Question

A radioisotope $'X'$ with a half-life $1.4\times {{10}^{9}}$ years decays to $'Y'$ which is stable. A sample of the rock from a cave was found to obtain $'X'$ and $'Y'$ in the ratio $1:7$. The age of the rock is
$A.1.96\times {{10}^{9}}$ Years
$B.3.92\times {{10}^{9}}$ Years
$C.4.20\times {{10}^{9}}$ Years
$D.8.40\times {{10}^{9}}$ Years

Answer 1

We will use the concept of radioactive decay to solve this problem. Radioactivity is defined as the spontaneous disintegration without any external provocation of the heavy nucleus of an atom. Half-life of a substance is the time it takes for half of a given number of radioactive nuclei to decay. Relation of half-life with radioactive decay should be used here.

Formula used:
To solve this problem given above we are using the following mentioned formula:-
$\dfrac{N}{{{N}_{o}}}={{\left( \dfrac{1}{2} \right)}^{\dfrac{t}{T}}}$ .
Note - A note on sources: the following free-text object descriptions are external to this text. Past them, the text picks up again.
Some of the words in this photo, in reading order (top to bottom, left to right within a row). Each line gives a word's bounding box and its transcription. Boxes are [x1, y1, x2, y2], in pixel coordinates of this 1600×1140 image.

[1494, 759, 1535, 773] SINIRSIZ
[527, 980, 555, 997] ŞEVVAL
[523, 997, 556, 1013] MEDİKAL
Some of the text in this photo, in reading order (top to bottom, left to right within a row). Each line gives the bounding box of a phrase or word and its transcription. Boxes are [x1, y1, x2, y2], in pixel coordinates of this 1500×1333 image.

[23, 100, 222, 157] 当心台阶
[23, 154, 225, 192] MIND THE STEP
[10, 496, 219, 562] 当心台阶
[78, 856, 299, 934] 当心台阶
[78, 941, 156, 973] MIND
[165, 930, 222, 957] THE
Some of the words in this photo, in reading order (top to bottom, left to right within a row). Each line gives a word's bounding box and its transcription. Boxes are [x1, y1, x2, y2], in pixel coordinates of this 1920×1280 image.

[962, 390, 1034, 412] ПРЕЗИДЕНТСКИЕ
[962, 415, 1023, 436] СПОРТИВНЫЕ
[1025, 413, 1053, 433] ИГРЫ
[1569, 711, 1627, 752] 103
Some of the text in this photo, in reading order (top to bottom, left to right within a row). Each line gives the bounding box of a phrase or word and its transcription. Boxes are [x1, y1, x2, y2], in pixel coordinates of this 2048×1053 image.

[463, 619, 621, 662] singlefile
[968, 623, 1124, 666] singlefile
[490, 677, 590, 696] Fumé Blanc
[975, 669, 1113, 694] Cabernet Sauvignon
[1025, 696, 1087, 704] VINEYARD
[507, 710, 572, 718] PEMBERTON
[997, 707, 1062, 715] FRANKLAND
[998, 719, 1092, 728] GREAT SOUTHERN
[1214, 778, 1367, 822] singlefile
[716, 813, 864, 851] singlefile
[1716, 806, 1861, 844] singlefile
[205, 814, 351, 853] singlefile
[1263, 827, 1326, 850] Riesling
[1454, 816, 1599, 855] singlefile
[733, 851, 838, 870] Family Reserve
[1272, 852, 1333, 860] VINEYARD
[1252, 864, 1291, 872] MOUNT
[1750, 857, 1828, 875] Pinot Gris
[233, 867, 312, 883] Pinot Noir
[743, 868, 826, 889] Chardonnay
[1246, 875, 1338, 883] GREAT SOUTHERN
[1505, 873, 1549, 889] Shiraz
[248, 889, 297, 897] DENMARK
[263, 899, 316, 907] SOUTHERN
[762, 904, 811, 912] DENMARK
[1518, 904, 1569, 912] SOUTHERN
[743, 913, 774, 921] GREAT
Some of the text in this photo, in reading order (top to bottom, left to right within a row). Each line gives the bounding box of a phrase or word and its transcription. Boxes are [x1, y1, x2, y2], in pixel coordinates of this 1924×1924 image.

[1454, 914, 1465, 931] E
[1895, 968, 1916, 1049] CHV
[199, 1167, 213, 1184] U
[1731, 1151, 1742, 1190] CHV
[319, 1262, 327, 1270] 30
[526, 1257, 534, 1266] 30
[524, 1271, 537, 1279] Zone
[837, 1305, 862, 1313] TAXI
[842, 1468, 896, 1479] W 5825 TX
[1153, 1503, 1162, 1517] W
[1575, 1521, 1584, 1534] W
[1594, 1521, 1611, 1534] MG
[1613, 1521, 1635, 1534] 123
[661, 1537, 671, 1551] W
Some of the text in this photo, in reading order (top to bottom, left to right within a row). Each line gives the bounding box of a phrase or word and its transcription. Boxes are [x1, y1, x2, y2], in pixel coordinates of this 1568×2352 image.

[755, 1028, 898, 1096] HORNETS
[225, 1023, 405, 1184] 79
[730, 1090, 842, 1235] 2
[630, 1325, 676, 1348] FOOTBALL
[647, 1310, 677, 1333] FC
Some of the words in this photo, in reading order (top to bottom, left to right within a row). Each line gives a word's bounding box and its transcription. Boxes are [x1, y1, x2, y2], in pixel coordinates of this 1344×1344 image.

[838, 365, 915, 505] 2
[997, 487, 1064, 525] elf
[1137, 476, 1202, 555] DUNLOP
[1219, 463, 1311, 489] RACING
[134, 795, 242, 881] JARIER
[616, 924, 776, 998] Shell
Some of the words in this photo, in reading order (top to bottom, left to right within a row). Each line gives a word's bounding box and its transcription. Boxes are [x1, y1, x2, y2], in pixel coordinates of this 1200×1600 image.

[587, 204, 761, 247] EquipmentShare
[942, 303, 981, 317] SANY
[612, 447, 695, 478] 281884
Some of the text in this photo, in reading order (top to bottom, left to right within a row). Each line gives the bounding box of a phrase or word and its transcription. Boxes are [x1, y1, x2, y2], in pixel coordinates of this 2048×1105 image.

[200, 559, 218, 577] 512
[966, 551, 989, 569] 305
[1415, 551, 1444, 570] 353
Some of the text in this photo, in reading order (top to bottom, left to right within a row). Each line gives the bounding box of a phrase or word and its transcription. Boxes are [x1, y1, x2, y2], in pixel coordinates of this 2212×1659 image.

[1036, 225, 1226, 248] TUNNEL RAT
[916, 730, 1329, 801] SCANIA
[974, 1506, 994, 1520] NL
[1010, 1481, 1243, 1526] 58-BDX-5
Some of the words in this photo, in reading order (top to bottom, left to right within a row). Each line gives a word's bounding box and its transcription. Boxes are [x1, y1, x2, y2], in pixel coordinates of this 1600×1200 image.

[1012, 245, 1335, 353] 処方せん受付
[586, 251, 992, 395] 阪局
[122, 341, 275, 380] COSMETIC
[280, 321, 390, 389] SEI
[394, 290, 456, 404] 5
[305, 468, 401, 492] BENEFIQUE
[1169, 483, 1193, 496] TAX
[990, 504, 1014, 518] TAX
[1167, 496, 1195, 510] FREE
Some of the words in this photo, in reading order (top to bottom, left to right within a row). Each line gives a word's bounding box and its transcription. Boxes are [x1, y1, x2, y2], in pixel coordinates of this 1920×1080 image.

Complete step-by-step answer:
From the problem given above we have following parameters with their respective meaning:-
Half-life of the radioisotope $'X'$, $T=1.4\times {{10}^{9}}$ years.
Ratio of $'X'$ and $'Y'$ is $1:7$, which is represented as $\dfrac{{{N}_{X}}}{{{N}_{Y}}}=\dfrac{1}{7}$ .
To solve the given problem we have $\dfrac{N}{{{N}_{o}}}={{\left( \dfrac{1}{2} \right)}^{\dfrac{t}{T}}}$ …………… $(i)$
Where $N$ represents the nuclei remaining at any time and ${{N}_{o}}$ represents the original number of nuclei, $T$ denotes half-life and $t$ represents the age of the rock.
Therefore, we can write
$\dfrac{N}{{{N}_{o}}}=\dfrac{{{N}_{X}}}{{{N}_{X}}+{{N}_{Y}}}$ ………………….. $(ii)$
On putting $(ii)$ in $(i)$ we get,
$\Rightarrow \dfrac{{{N}_{X}}}{{{N}_{X}}+{{N}_{Y}}}={{\left( \dfrac{1}{2} \right)}^{\dfrac{t}{T}}}$
$\Rightarrow \dfrac{1}{1+7}={{\left( \dfrac{1}{2} \right)}^{\dfrac{t}{T}}}$
$\Rightarrow \dfrac{1}{8}={{\left( \dfrac{1}{2} \right)}^{\dfrac{t}{T}}}$
$\Rightarrow {{\left( \dfrac{1}{2} \right)}^{3}}={{\left( \dfrac{1}{2} \right)}^{\dfrac{t}{T}}}$
Solving exponentially we get,
$\dfrac{t}{T}=3$
$\Rightarrow t=3T$ ……………. $(iii)$
Putting the value of $T$ in $(iii)$, we get
$\Rightarrow t=3\times 1.4\times {{10}^{9}}$ Years
$\Rightarrow t=4.2\times {{10}^{9}}$ Years
Therefore, option $(C)4.20\times {{10}^{9}}$ is correct among the given options.

So, the correct answer is “Option C”.

Additional Information: Three main types of radioactive radiations are $\alpha$ decay, $\beta$ decay and $\gamma$ decay. Radioactivity is a statistical process. Rutherford and Soddy analysed radioactive decay with a law which states that ‘’at given time the rate at which particular decay occurs in a radioactive substance is proportional to the number of radioactive nuclei present.’’ Decay rate is also known as Activity whose SI unit is Becquerel $(Bq)$ .

Note: Concept of half-life should be used correctly. We should not be confused between the terms half-life and mean life. Formula should be used correctly with proper units and symbols. Never be confused between $N$ and ${{N}_{o}}$ .